Aperte verde e confirme: o discurso ambiental dos presidenciáveis
ELEIÇÃO
ACERVO ONLINE | BRASIL por Luiz Enrique Vieira de Souza outubro 2, 2018 Imagem por Arquivo Agência Brasil
O despreparo e ausência de estratégias para lidar com os problemas ambientais evidenciam-se em ambos os polos do espectro ideológico
Um raro consenso entre os candidatos à presidência da República é a percepção de que em outubro os brasileiros irão às urnas em meio a um cenário de grave crise econômica, política e ética. Não deixa de ser paradoxal, no entanto, que os problemas ambientais fiquem em segundo plano no confronto democrático, mesmo em face dos preocupantes prognósticos a respeito das mudanças climáticas, dos elevados índices de desmatamento e de uma longa lista de desequilíbrios ecossistêmicos provocados pela ação humana. Aliás, nem mesmo as tragédias de Mariana e Barcarena conseguiram elevar o meio ambiente ao mesmo nível de importância que se confere aos debates sobre desemprego, segurança pública e corrupção.
Em contraposição a essa tendência, tomei a iniciativa de ler os planos de governo que os presidenciáveis registraram na justiça eleitoral e analisar seus respectivos discursos sobre o meio ambiente.

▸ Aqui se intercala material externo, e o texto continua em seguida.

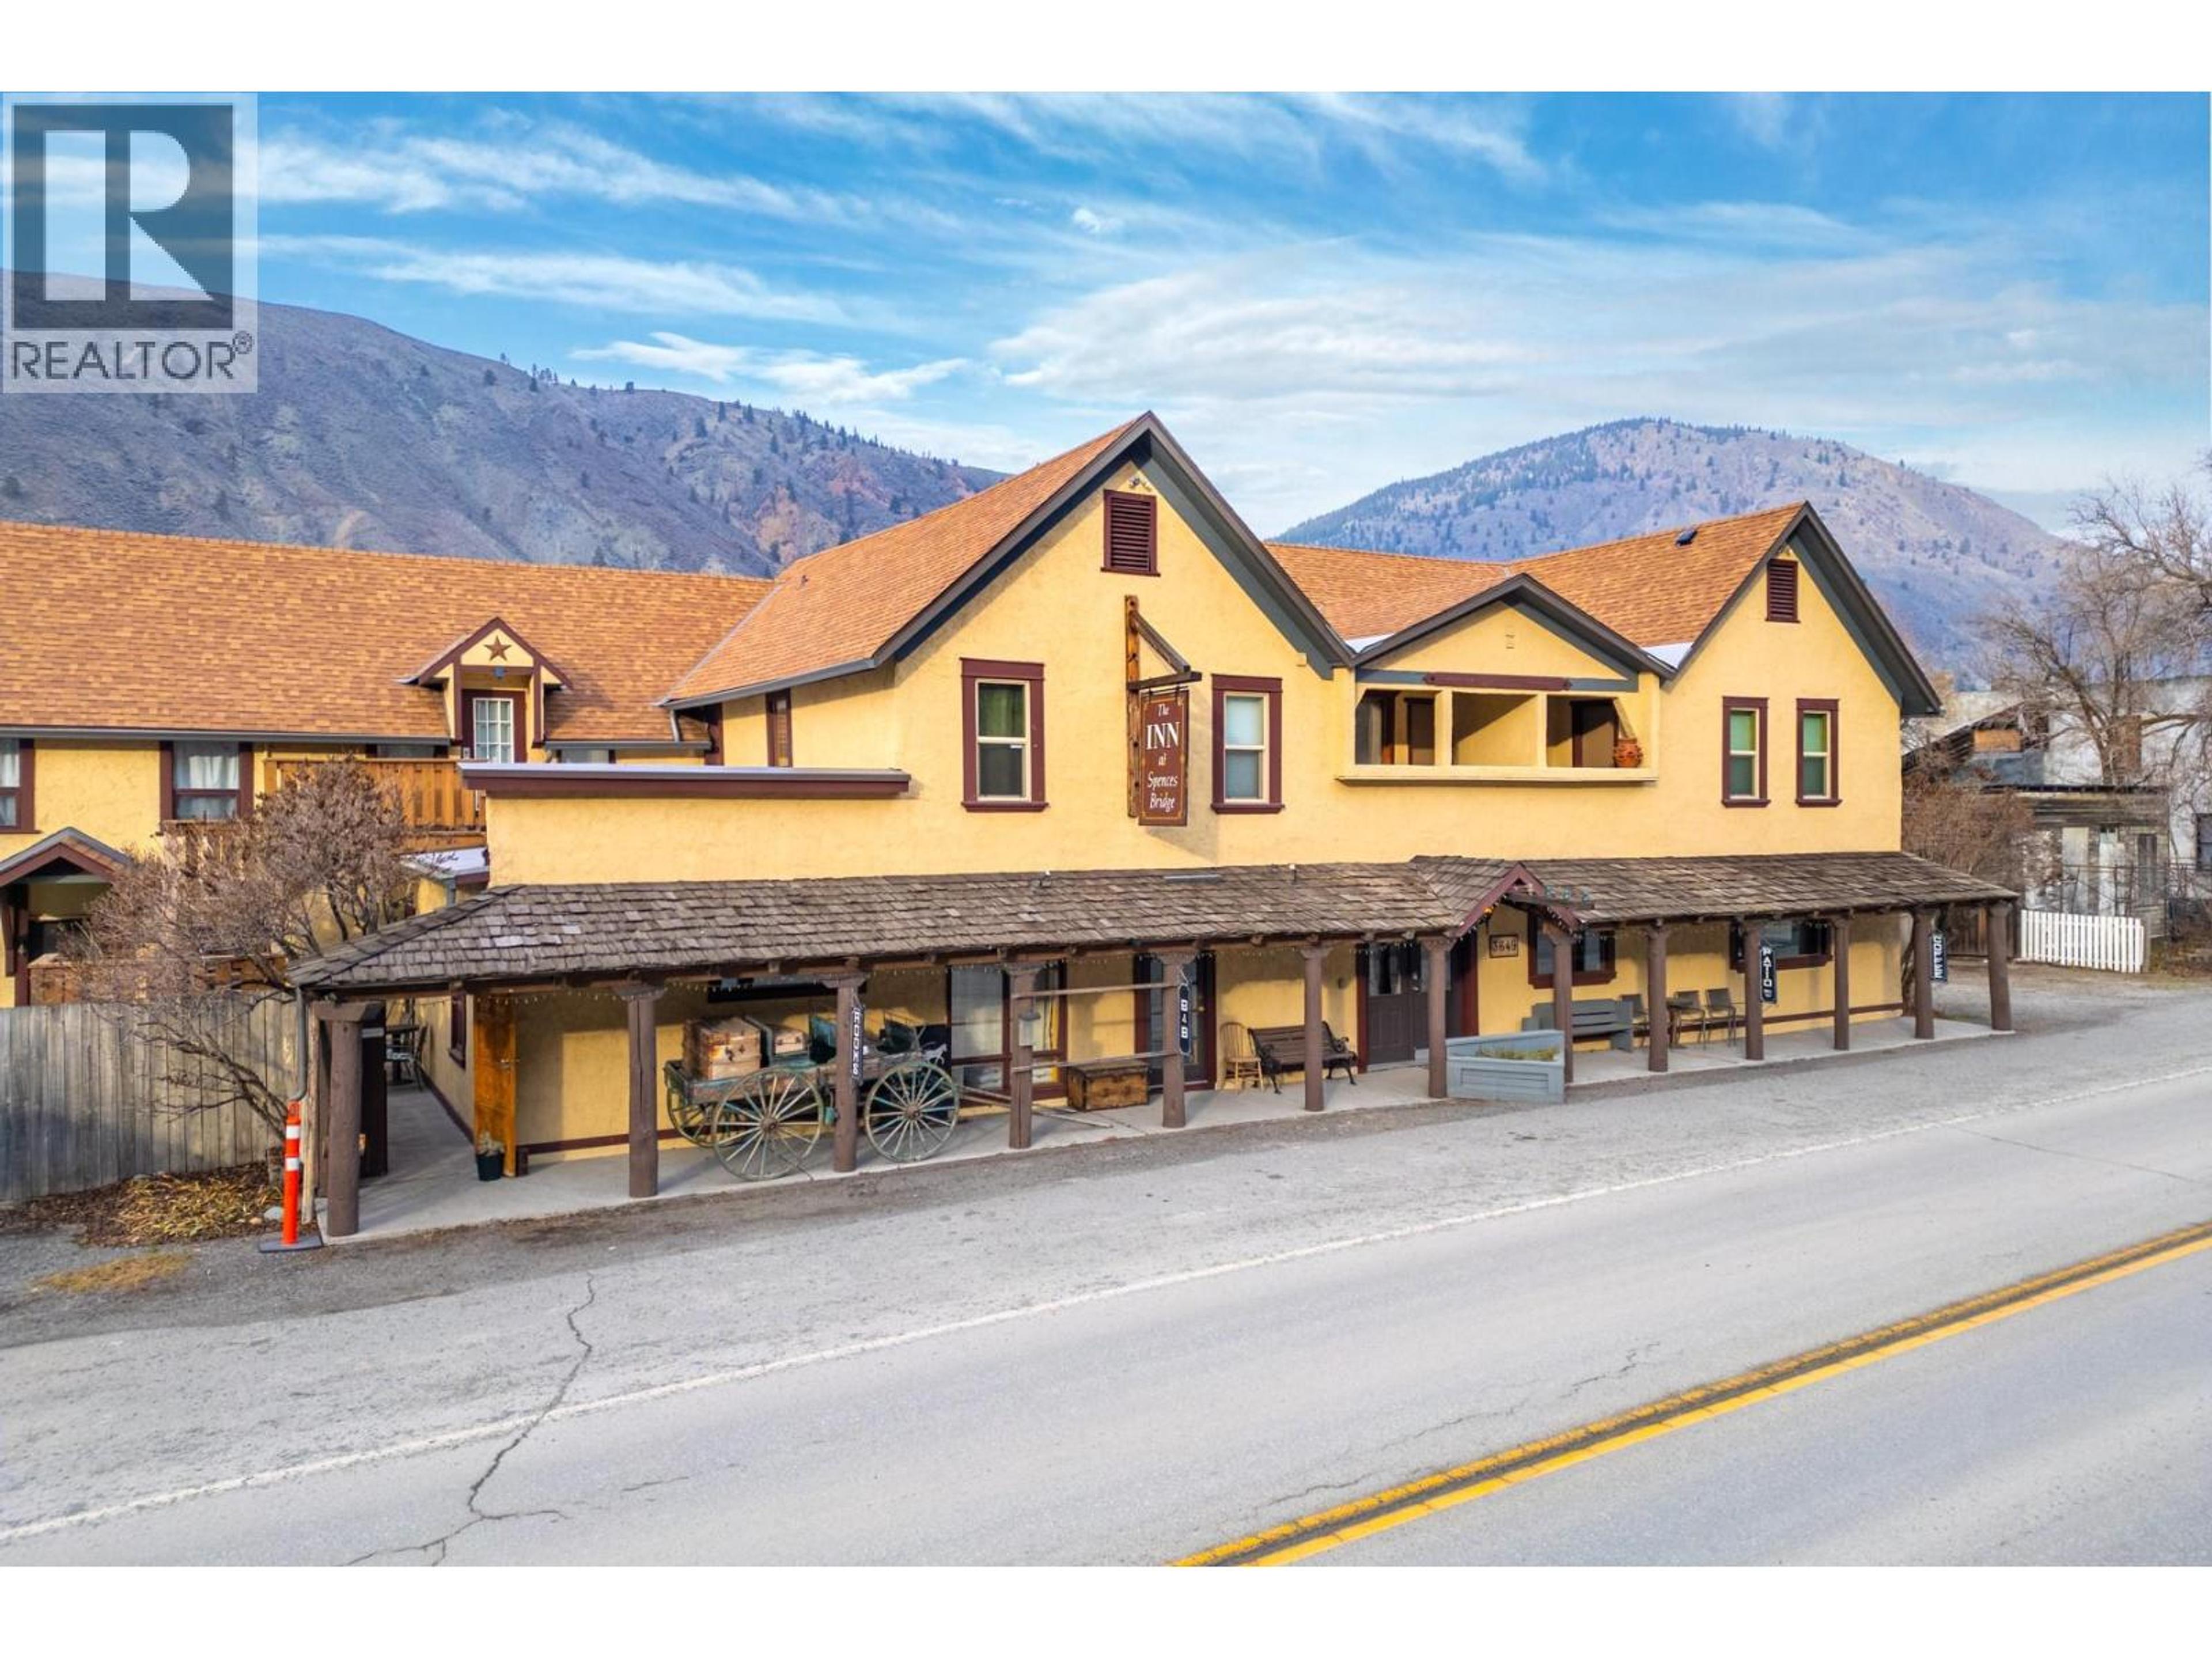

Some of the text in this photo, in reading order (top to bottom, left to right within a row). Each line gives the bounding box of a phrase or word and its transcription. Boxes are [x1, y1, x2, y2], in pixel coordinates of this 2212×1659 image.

É claro que o eleitor mais cético levantará a objeção de que existe uma grande diferença entre as promessas dos candidatos e suas ações práticas quando eleitos, por isso orientei meu olhar não apenas para identificar as contradições presentes nesses documentos, como também o eventual descompasso entre as declarações de compromisso com o meio ambiente e a trajetória política dos candidatos.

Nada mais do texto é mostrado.